Reproduce the entries word for word but drop every picture.
::::
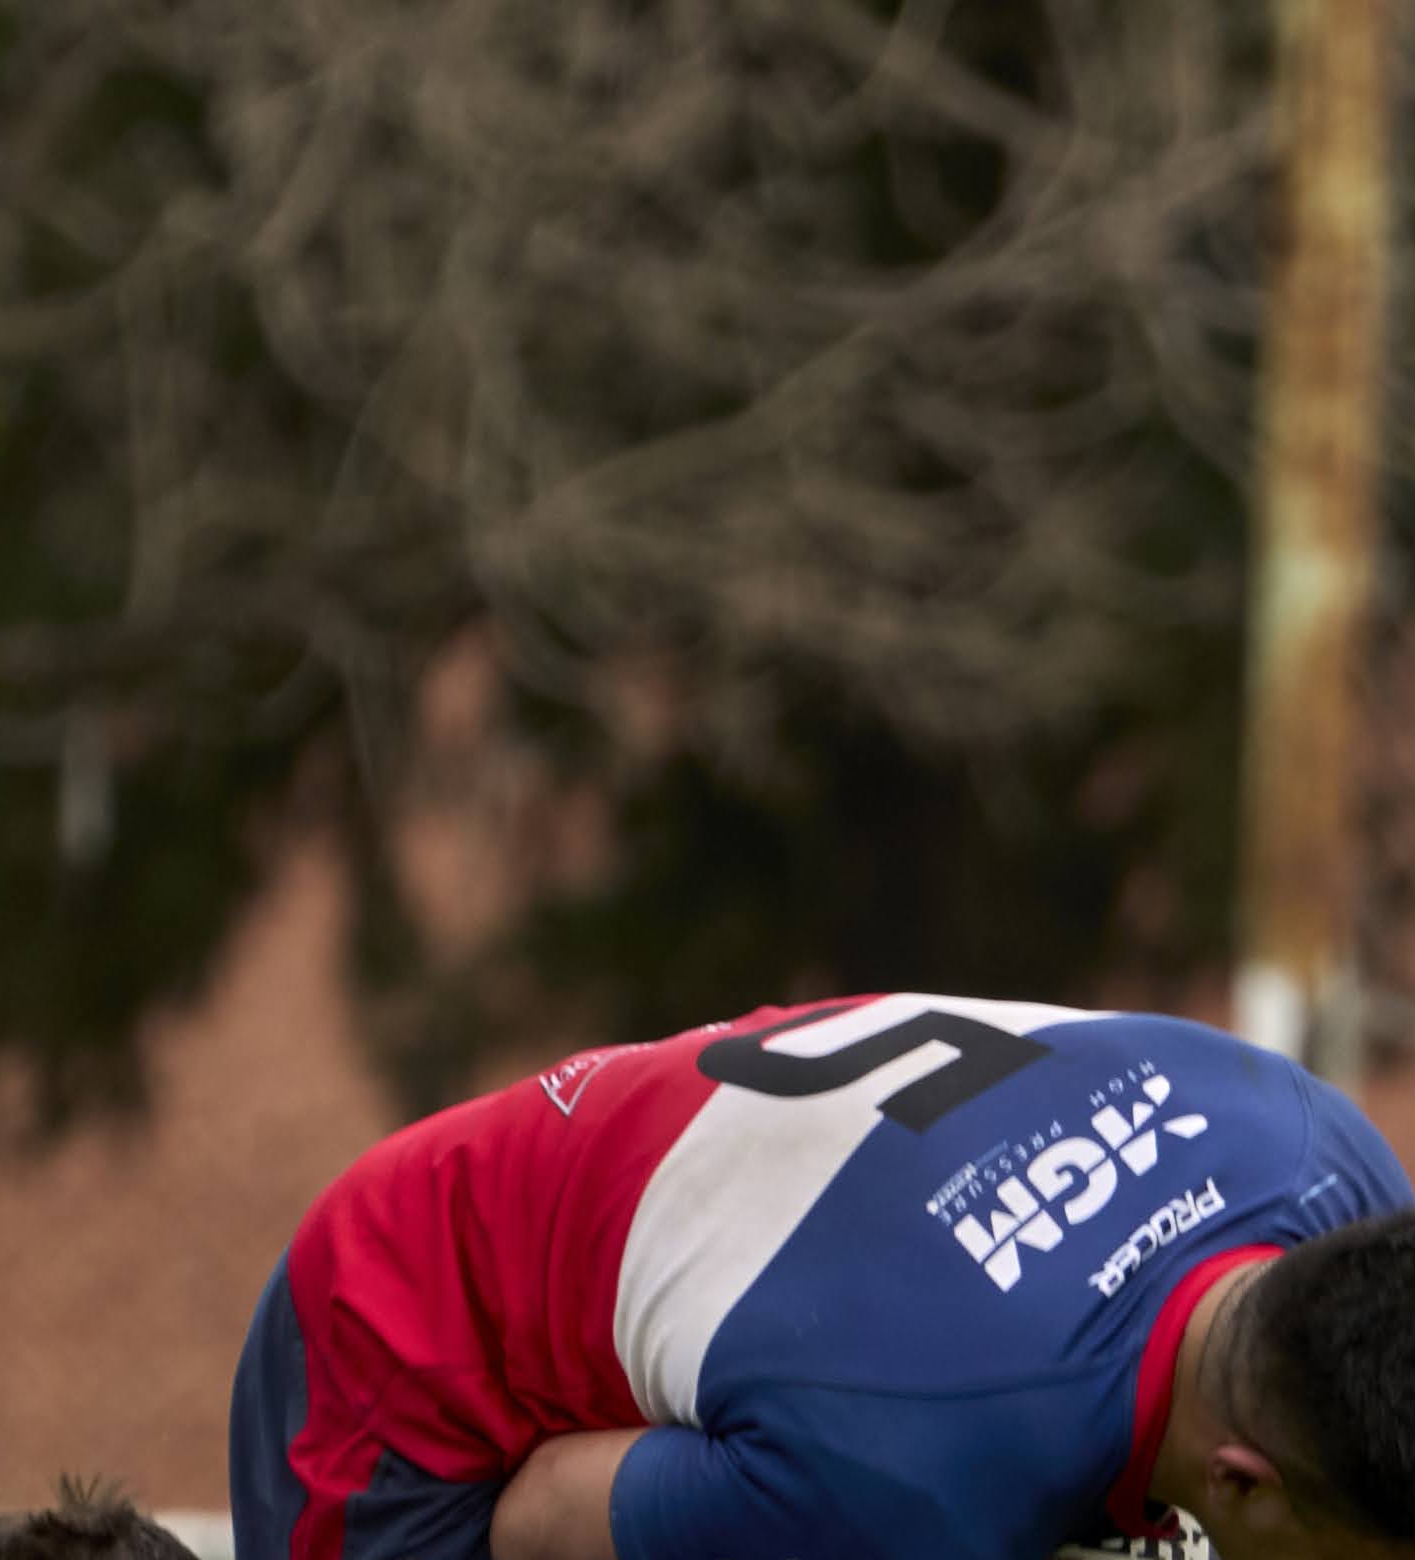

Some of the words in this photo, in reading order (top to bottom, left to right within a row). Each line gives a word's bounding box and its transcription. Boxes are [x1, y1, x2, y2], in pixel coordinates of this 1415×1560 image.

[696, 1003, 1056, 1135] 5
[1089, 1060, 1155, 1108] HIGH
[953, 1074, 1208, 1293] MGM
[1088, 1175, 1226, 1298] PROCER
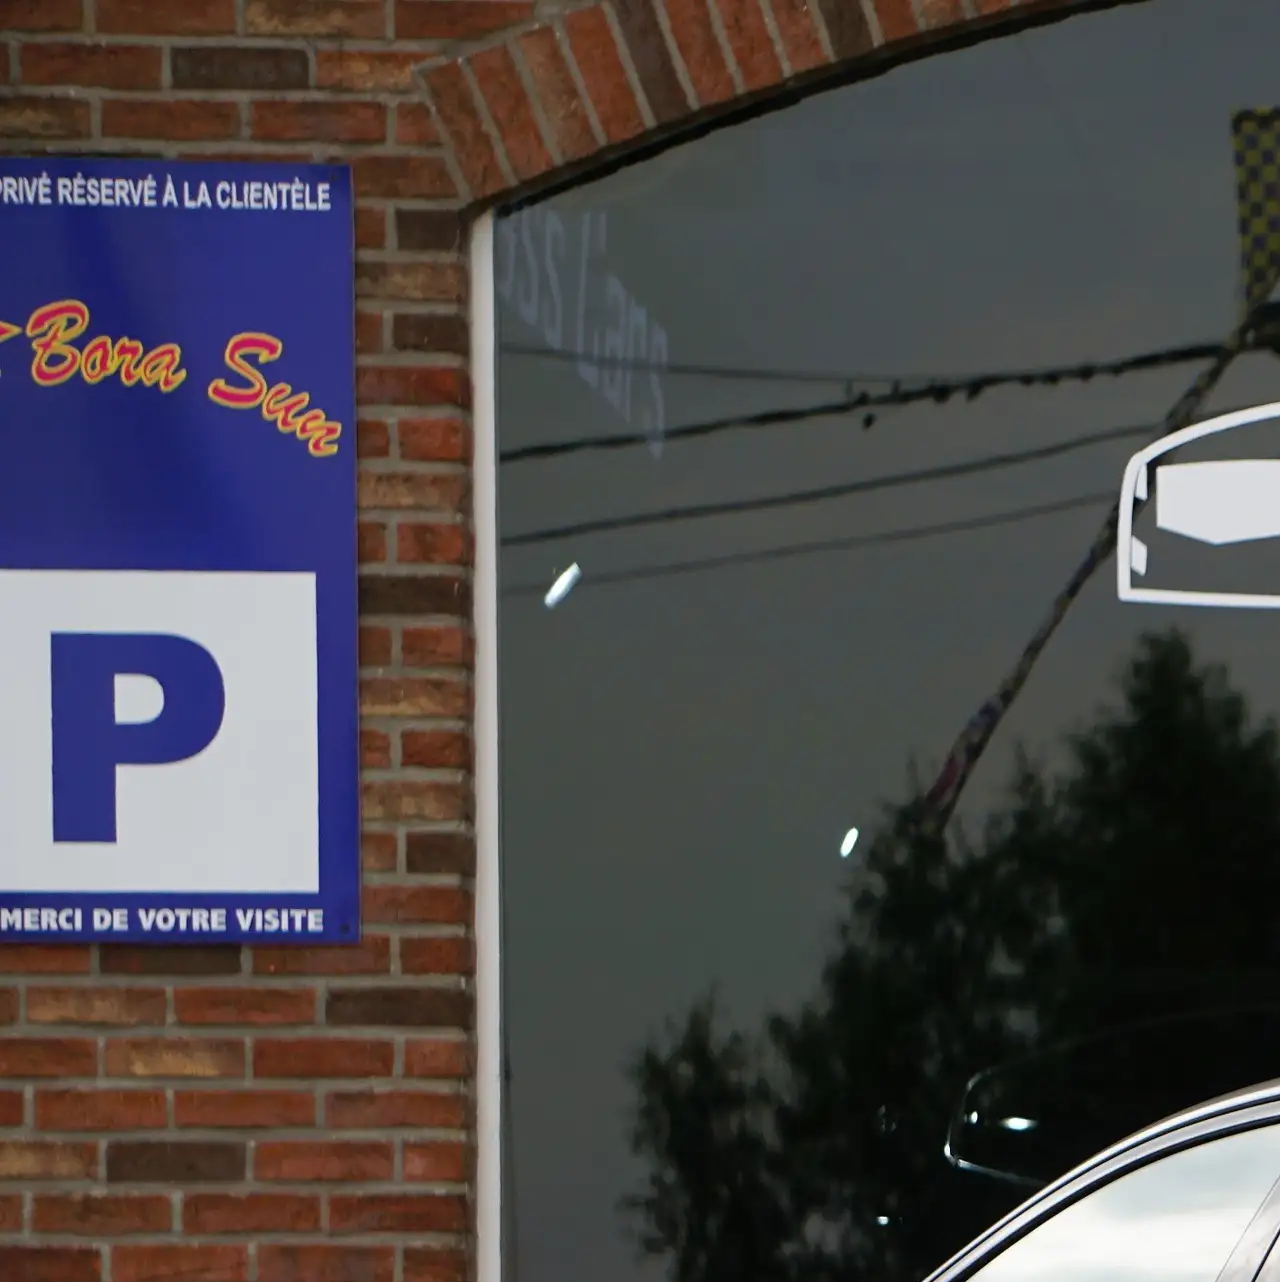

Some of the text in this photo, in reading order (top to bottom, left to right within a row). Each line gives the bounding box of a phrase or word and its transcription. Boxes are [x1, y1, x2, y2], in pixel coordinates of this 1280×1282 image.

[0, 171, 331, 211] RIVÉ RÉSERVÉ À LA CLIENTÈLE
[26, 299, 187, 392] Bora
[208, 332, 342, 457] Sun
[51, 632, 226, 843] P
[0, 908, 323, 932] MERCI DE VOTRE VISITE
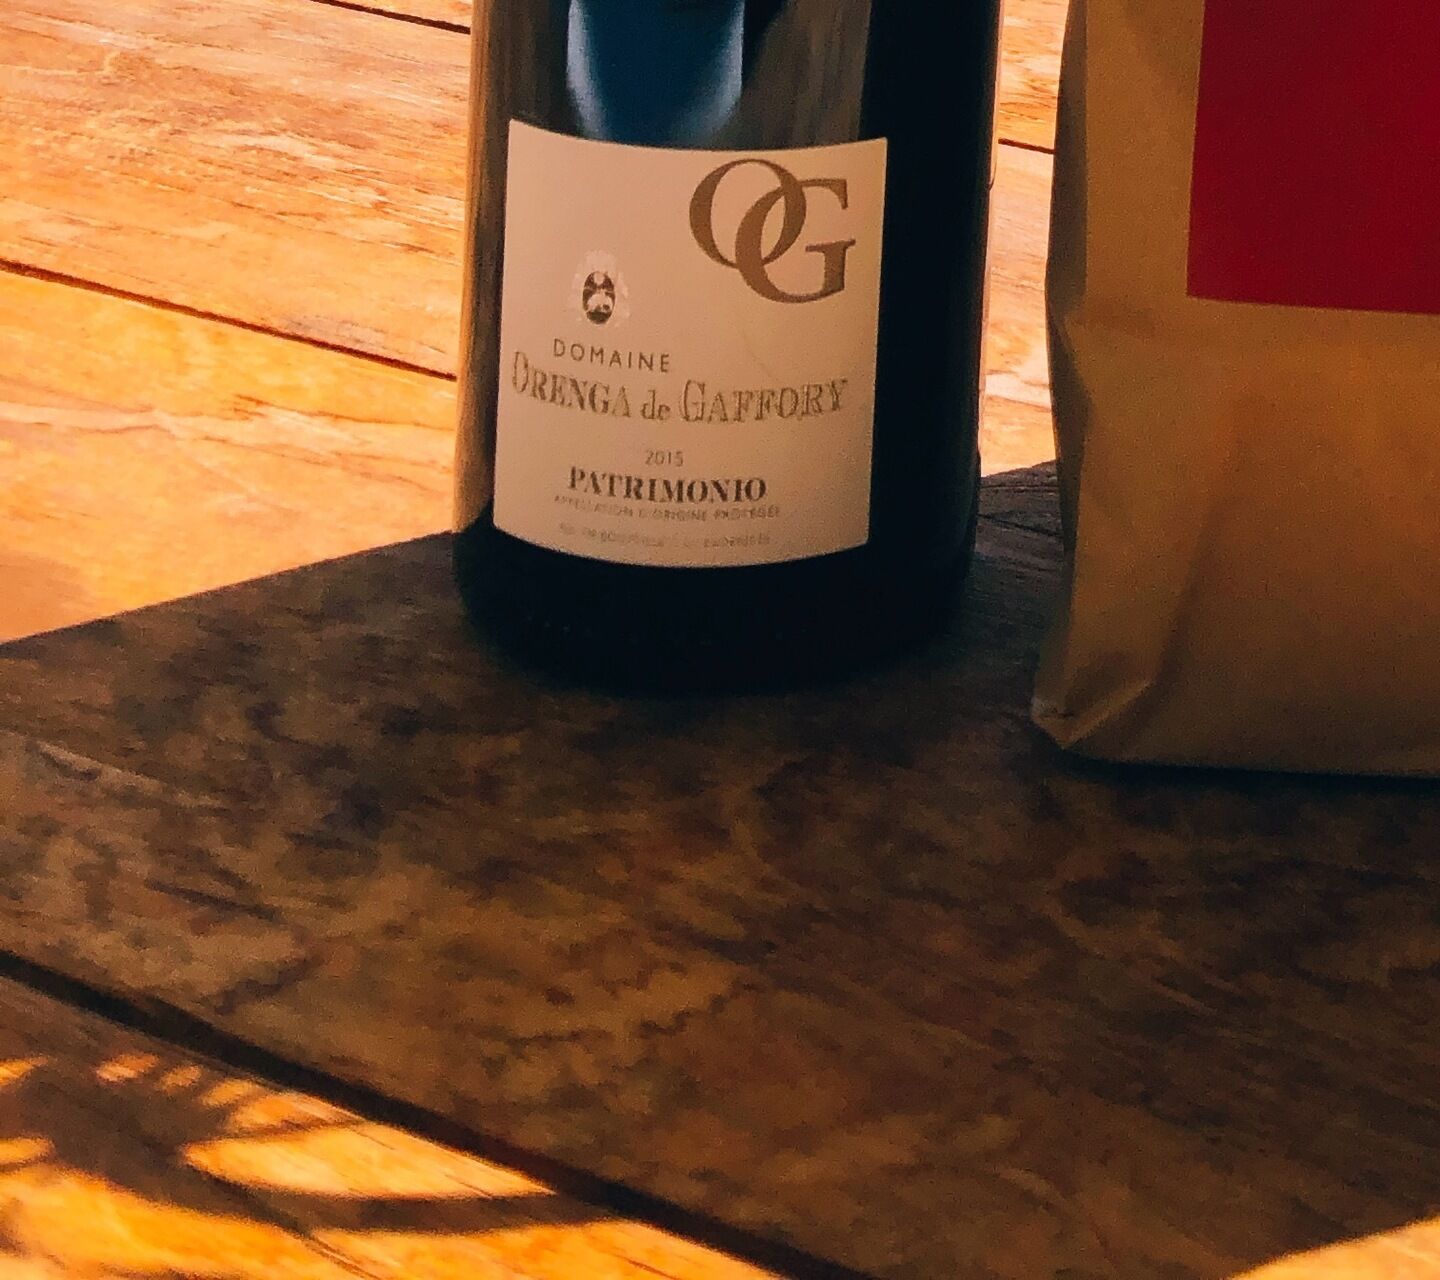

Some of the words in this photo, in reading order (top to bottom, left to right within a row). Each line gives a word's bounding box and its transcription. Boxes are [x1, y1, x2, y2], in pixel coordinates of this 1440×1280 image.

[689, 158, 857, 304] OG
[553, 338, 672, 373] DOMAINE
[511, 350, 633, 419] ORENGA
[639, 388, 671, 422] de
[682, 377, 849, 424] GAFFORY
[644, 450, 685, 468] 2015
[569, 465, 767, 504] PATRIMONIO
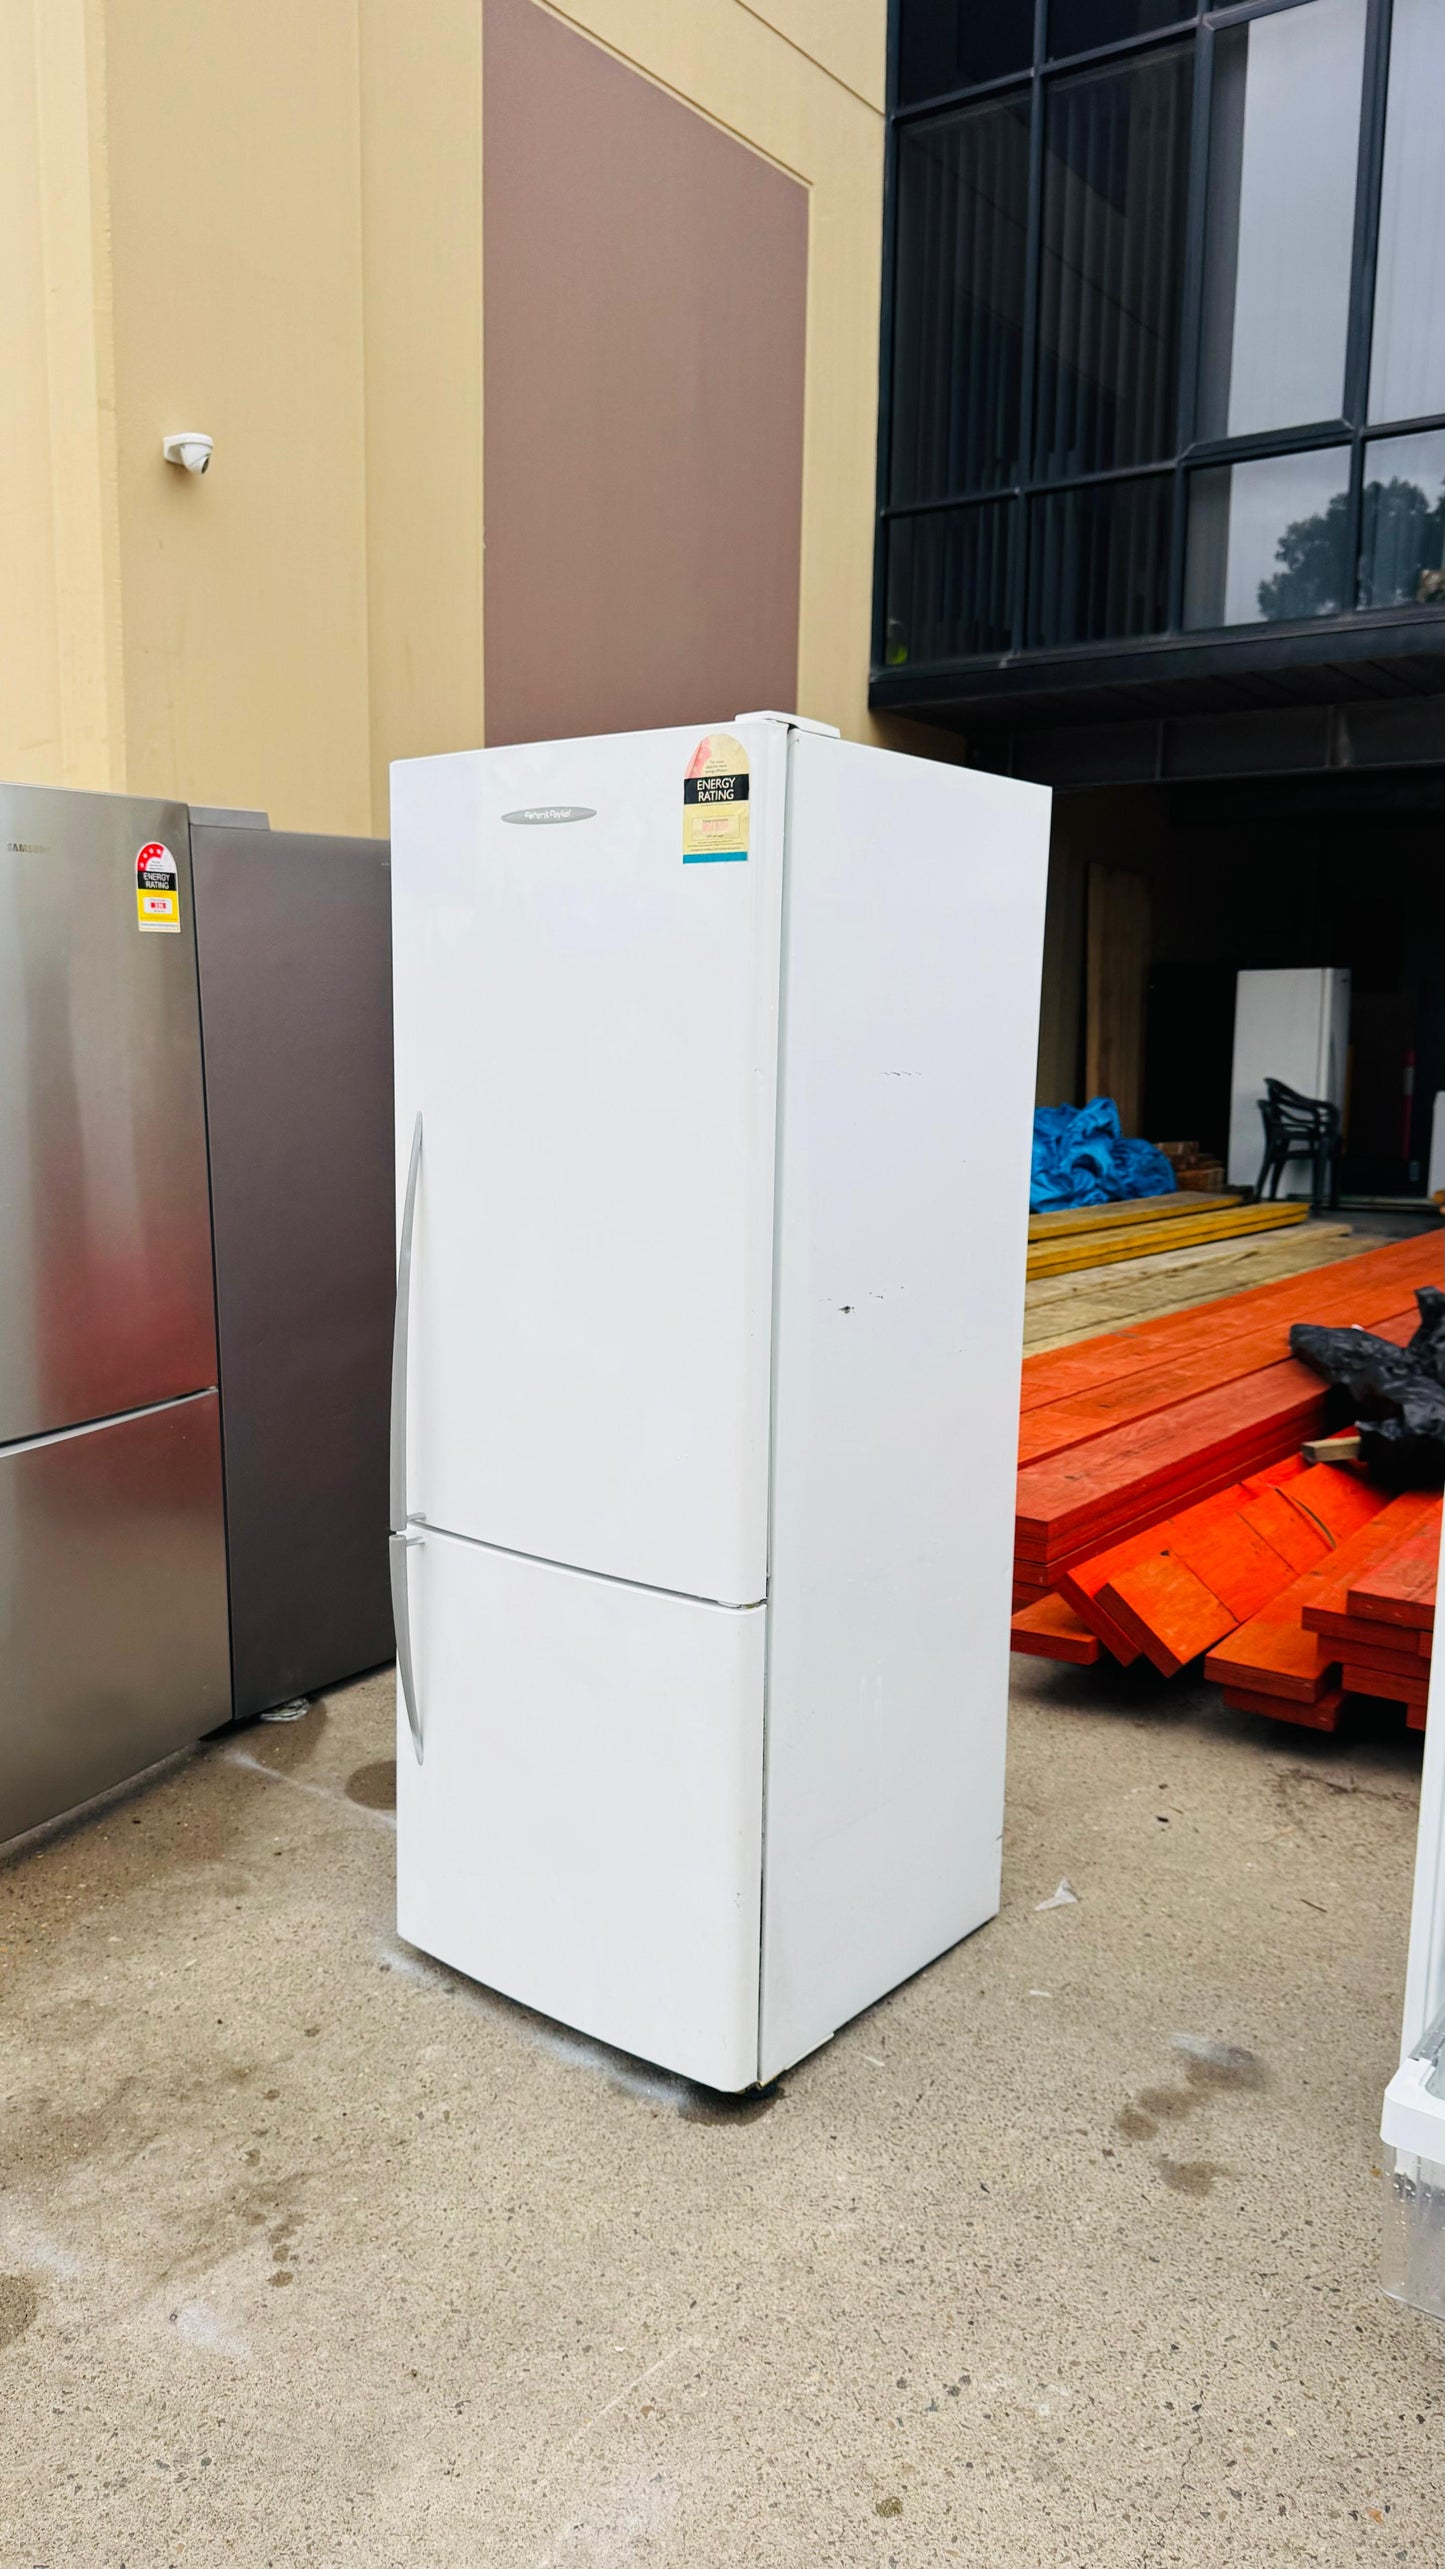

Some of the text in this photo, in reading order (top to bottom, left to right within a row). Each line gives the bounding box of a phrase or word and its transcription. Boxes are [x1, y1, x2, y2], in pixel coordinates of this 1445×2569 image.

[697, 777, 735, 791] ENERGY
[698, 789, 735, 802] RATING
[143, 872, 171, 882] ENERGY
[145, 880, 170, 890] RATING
::::
# Solved problem
Some of the words in this photo, in reading order (top to bottom, left to right within a row). Each line gives a word's bounding box and its transcription. Boxes are [x1, y1, x2, y2], in pixel coordinates of this 1415×1560 image.

[696, 1003, 1056, 1135] 5
[1089, 1060, 1155, 1108] HIGH
[953, 1074, 1208, 1293] MGM
[1088, 1175, 1226, 1298] PROCER

Some of the text in this photo, in reading order (top to bottom, left to right within a row). Each line gives the bounding box of a phrase or word and its transcription. Boxes are [x1, y1, x2, y2], in pixel coordinates of this 1280×1282 image.

[0, 171, 331, 211] RIVÉ RÉSERVÉ À LA CLIENTÈLE
[26, 299, 187, 392] Bora
[208, 332, 342, 457] Sun
[51, 632, 226, 843] P
[0, 908, 323, 932] MERCI DE VOTRE VISITE

Some of the words in this photo, in reading order (top to bottom, left to right within a row). Each line gives a word's bounding box and its transcription. Boxes are [x1, y1, x2, y2], in pixel coordinates of this 1440×1280 image.

[689, 158, 857, 304] OG
[553, 338, 672, 373] DOMAINE
[511, 350, 633, 419] ORENGA
[639, 388, 671, 422] de
[682, 377, 849, 424] GAFFORY
[644, 450, 685, 468] 2015
[569, 465, 767, 504] PATRIMONIO

Some of the text in this photo, in reading order (top to bottom, left to right within a row). Each line gives the bounding box of a phrase or word and its transcription. Boxes are [x1, y1, x2, y2], in pixel coordinates of this 1445×2569 image.

[697, 777, 735, 791] ENERGY
[698, 789, 735, 802] RATING
[143, 872, 171, 882] ENERGY
[145, 880, 170, 890] RATING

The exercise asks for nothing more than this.